WHAT TO WORK ON ::
The listing below should be printed again word for word, without any images.

○ ○ ○

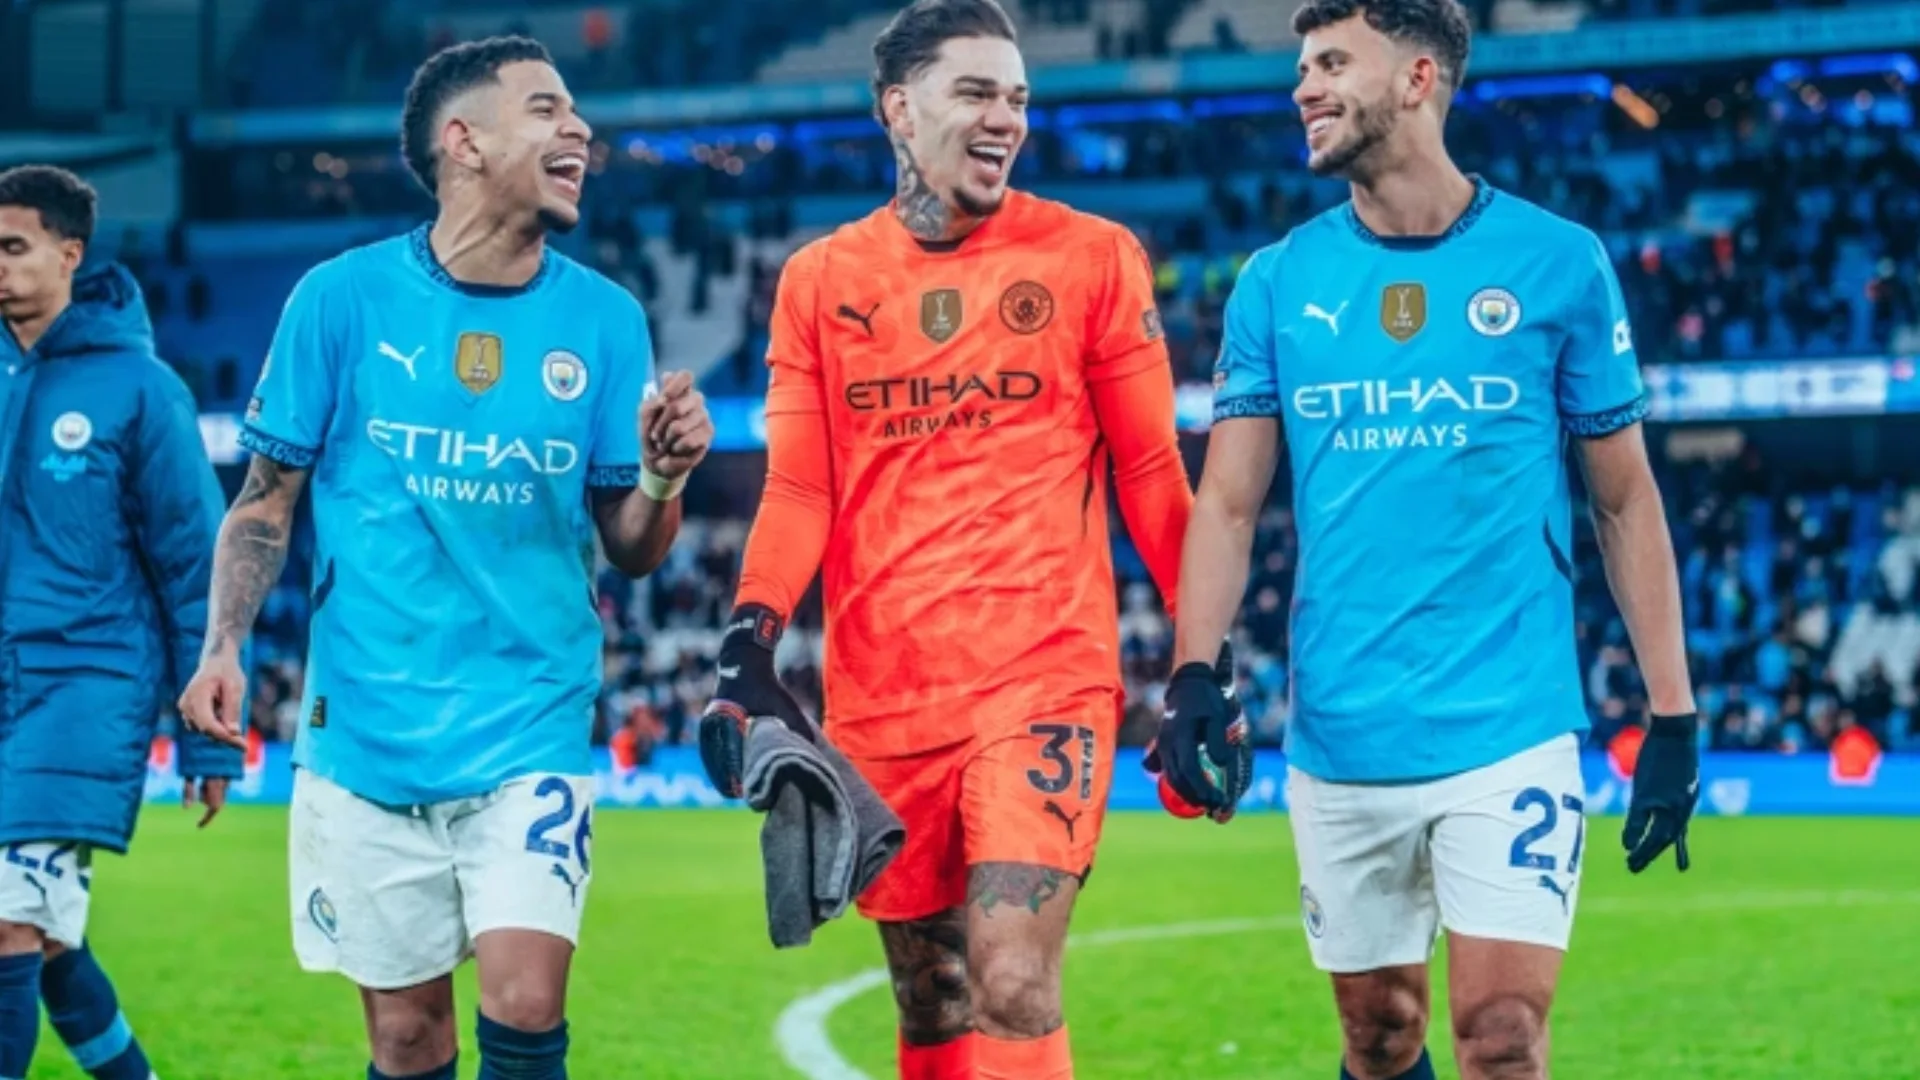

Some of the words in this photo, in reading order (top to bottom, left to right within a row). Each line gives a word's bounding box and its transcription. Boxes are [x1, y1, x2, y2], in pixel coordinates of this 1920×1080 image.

[846, 371, 1041, 409] ETIHAD
[1294, 375, 1519, 418] ETIHAD
[884, 410, 991, 437] AIRWAYS
[1333, 424, 1467, 450] AIRWAYS
[367, 419, 577, 473] ETIHAD
[406, 474, 534, 504] AIRWAYS
[1027, 725, 1093, 799] 31

○ ○ ○

WORKED SOLUTION ::
Some of the words in this photo, in reading order (top to bottom, left to right within a row). Each line gives a word's bounding box and its transcription. Boxes are [x1, y1, x2, y2], in pixel coordinates of this 1920×1080 image.

[846, 371, 1041, 409] ETIHAD
[1294, 375, 1519, 418] ETIHAD
[884, 410, 991, 437] AIRWAYS
[1333, 424, 1467, 450] AIRWAYS
[367, 419, 577, 473] ETIHAD
[406, 474, 534, 504] AIRWAYS
[1027, 725, 1093, 799] 31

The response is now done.